[systemd-devel] the need for a discoverable sub-volumes specification

Tue Nov 9 20:57:04 UTC 2021

On Di, 09.11.21 14:48, Ludwig Nussel (ludwig.nussel at suse.de) wrote:

> > and so on. Until boot succeeds in which case we'd rename it:
> >
> >    /@auto/root-x86-64:fedora_36.0
> >
> > i.e. we'd drop the counting suffix.
>
> Thanks for the explanation and pointer!
>
> Need to think aloud a bit :-)
>
> That method basically works for systems with read-only root. Ie where
> the next OS to boot is in a separate snapshot, eg MicroOS.
> A traditional system with rw / on btrfs would stay on the same subvolume
> though. Ie the "root-x86-64:fedora_36.0" volume in the example. In
> openSUSE package installation automatically leads to ro snapshot
> creation.
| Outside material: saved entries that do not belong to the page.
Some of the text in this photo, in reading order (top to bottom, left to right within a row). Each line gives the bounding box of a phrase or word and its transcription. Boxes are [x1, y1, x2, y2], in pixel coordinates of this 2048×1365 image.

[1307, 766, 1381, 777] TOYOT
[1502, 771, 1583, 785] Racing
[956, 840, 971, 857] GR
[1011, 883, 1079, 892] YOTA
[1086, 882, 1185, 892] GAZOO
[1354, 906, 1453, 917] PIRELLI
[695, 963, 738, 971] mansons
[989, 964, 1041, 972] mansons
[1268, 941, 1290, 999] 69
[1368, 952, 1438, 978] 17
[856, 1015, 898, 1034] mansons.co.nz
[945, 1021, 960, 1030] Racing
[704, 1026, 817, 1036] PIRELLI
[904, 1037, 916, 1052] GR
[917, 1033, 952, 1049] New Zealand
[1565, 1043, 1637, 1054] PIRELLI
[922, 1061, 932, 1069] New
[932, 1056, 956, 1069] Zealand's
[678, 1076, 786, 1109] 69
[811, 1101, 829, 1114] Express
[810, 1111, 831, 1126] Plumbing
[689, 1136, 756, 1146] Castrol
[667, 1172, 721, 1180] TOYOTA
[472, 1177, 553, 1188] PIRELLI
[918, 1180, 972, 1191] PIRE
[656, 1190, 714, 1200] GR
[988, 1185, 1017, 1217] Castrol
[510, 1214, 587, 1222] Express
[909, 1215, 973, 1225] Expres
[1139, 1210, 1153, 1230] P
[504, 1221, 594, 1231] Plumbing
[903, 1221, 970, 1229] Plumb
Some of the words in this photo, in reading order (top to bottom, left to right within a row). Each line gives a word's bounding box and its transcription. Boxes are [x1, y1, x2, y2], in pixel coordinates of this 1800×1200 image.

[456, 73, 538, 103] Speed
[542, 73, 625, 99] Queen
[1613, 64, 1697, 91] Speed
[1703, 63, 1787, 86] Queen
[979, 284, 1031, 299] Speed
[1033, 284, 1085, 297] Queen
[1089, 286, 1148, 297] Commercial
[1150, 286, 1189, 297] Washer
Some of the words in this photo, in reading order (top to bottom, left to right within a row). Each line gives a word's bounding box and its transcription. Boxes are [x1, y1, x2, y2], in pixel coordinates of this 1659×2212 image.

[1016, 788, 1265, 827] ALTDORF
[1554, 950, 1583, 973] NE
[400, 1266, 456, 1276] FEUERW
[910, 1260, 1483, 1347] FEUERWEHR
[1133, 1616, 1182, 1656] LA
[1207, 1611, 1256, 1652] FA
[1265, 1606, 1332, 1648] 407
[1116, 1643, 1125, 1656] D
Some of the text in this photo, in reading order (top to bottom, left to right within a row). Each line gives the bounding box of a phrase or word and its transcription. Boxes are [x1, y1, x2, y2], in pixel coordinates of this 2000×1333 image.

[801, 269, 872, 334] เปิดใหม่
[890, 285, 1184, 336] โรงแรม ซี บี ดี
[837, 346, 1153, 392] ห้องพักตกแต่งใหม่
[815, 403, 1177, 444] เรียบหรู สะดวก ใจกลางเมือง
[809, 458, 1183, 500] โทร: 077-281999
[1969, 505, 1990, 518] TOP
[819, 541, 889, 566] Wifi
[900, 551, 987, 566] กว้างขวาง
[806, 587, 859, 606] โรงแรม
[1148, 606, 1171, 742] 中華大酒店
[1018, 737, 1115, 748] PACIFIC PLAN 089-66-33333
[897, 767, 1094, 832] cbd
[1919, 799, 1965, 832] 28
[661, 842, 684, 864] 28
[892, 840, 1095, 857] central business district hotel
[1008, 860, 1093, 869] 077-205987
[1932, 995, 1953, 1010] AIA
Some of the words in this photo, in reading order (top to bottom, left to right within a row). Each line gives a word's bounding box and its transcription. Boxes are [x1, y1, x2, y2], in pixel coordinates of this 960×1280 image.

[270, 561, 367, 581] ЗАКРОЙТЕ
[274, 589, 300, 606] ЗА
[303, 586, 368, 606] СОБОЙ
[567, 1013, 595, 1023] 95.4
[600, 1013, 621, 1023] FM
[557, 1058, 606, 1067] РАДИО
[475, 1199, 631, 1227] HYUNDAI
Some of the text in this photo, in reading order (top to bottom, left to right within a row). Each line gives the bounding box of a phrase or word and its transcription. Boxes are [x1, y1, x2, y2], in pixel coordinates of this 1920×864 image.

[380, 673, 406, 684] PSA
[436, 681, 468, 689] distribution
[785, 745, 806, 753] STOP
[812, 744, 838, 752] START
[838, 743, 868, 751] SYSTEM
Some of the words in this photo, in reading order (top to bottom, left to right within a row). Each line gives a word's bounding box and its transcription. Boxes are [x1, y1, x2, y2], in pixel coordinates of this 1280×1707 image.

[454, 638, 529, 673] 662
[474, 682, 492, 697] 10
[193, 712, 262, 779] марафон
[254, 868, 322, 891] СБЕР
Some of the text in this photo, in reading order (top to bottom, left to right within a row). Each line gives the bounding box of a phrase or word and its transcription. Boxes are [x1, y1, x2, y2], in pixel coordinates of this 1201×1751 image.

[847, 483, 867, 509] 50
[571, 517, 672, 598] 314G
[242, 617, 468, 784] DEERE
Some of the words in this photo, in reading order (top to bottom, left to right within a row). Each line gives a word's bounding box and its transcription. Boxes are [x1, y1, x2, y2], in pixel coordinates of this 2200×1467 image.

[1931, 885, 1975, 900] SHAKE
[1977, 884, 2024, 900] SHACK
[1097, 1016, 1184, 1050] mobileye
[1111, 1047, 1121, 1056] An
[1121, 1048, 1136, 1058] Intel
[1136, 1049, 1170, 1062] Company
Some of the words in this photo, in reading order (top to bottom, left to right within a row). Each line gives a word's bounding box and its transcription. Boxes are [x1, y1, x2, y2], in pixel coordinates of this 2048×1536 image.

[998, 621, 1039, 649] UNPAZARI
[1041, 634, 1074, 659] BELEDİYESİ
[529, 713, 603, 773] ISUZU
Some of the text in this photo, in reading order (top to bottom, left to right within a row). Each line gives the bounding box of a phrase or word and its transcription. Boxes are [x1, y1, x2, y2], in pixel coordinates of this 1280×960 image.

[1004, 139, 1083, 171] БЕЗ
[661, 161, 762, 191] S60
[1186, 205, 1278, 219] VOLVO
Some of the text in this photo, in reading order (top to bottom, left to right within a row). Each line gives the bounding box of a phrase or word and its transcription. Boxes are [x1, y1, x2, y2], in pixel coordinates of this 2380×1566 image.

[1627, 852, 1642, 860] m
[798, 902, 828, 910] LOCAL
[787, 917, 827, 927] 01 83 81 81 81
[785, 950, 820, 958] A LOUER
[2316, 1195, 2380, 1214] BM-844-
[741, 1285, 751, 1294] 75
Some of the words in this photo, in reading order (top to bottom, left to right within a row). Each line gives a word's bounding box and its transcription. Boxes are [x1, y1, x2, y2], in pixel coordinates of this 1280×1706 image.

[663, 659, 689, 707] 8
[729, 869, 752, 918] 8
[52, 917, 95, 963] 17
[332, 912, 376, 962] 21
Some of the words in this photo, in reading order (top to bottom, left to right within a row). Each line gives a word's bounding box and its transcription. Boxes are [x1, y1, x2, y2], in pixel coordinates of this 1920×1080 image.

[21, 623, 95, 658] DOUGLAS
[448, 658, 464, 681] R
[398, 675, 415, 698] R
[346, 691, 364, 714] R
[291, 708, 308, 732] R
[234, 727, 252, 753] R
In order to fit in I suppose those could then be named eg.
> "root-x86-64:fedora_36.N+0" with increasing N. Due to the +0 the
> subvolume would never be booted.
>
> Anyway, let's assume the ro case and both efi partition and btrfs volume
> use this scheme. That means each time some packages are updated we get a
> new subvolume. After reboot the initrd in the efi partition would try to
> boot that new subvolume. If it reaches systemd-bless-boot.service the
> new subvolume becomes the default for the future.
>
> So far so good. What if I discover later that something went wrong
> though? Some convenience tooling to mark the current version bad again
> would be needed.

In the sd-boot/kernel case any time you like you can rename an entry
to "…+0" to mark it as "bad", you could drop the suffix to mark it as
"good" or you could mark it as "+3" to mark it as
"dont-know/try-again".

Now, at least in theory we could declare the same for this new
directory auto-discovery scheme. But I am not entirely sure this will
work out trivially IRL because I have the suspicion one cannot rename
subvolumes which are the source of a bind mount (i.e. once you boot
into one root subtree, then it might be impossible to rename that
top-level inode without rebooting first). Would be something to try
out. If it doesn't work it might suffice to move things one level
down, i.e. that the dir that actually becomes root is
/@auto/root-x86-64:fedora_36.0/payload/ or so, instead of just
/@auto/root-x86-64:fedora_36.0/. I think that that would work, and
might be desirable anyway so that the enumeration of entries doesn't
already leak fs attributes/ownership/access modes/…  of actual root
fs.

> But then having Tumbleweed in mind it needs some capability to boot any
> old snapshot anyway. I guess the solution here would be to just always
> generate a bootloader entry, independent of whether a kernel was
> included in an update. Each entry would then have to specify kernel,
> initrd and the root subvolume to use.
> This approach would work with a separate usr volume also. In that case
> kernel, initrd, root and usr volume need to be linked by means of a
> bootloader entry.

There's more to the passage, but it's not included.